(197aq) Strategic Use of Molecular Simulations to Expand Predictive Capability of Machine Learning Models

Gas solubility in solvents can be estimated by calculating the excess chemical potential and determining the corresponding Henry’s constant value. Rigorous computational methods implement the Bennett Acceptance Ratio approach to estimate the excess chemical potential. In this approach, the free energy change due to reversible dissolution of the gas is calculated by gradually introducing (or eliminating) the Coulombic and van der Waals’ interactions between the solute and solvent in series of intermediate steps. This process is generally slow and computationally expensive and is inefficient at screening large chemical spaces in a high-throughput manner. Further, it can be used only for solvents with reliable force fields which severely limits its use. This calls for machine learning approaches to predict gas solubility.
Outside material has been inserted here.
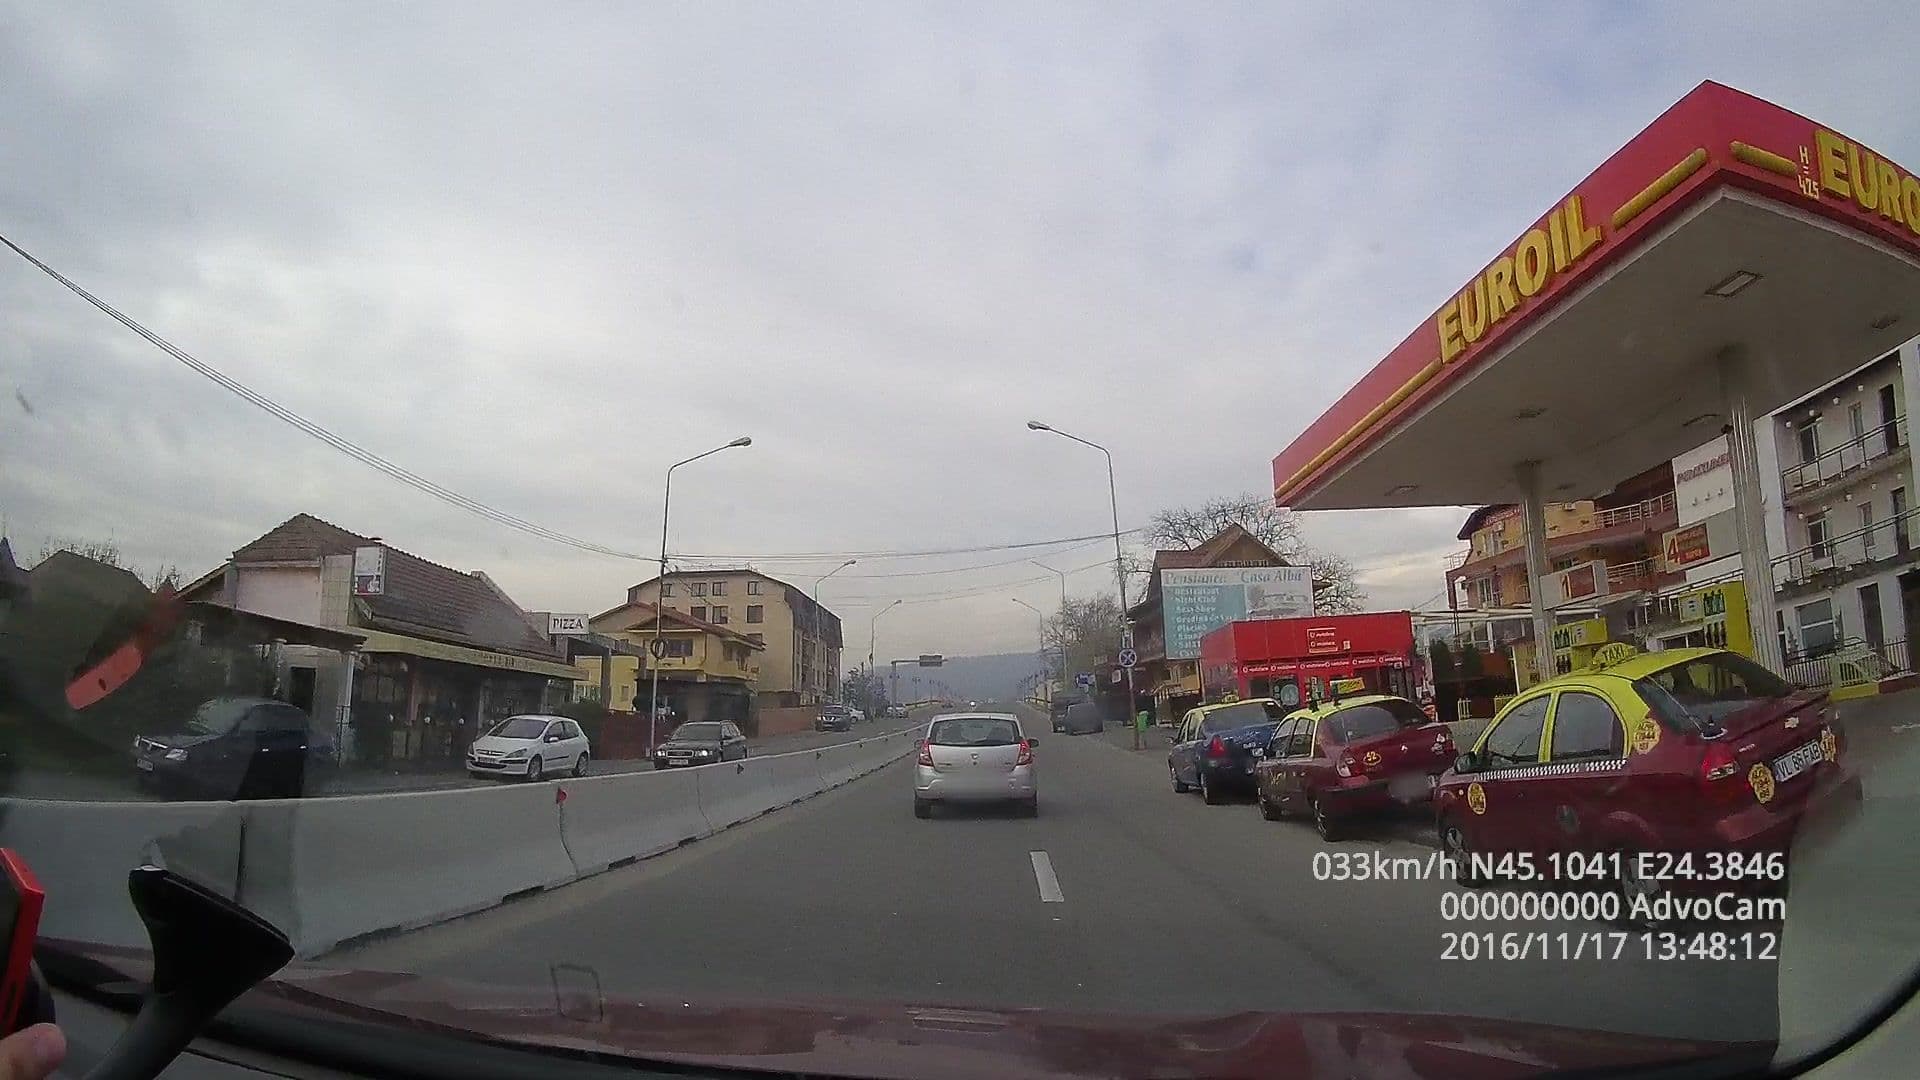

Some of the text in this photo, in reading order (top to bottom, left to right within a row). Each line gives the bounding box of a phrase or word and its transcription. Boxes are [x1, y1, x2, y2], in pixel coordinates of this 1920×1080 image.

However, machine learning methods do not necessarily capture the underlying physics of the system and rely heavily on the quantity and quality of training data. In this work, we implement a hybrid approach to test if we can improve the predictive capability of machine learning models by strategically leveraging molecular simulations to expand the dataset. For example, extensive data is available for CO₂ solubility in linear alkanes, or linear alkyl substituted molecules in general, while data on branched alkanes is limited. In this work we investigate the feasibility of using rigorous molecular simulations on few simple branched chain molecules to generate data that can greatly expand the predictive capabilities of the machine learning model towards branched chain alkyl substituted molecules. We also identify the key features of such molecules whose data facilitates rapid improvement of the model.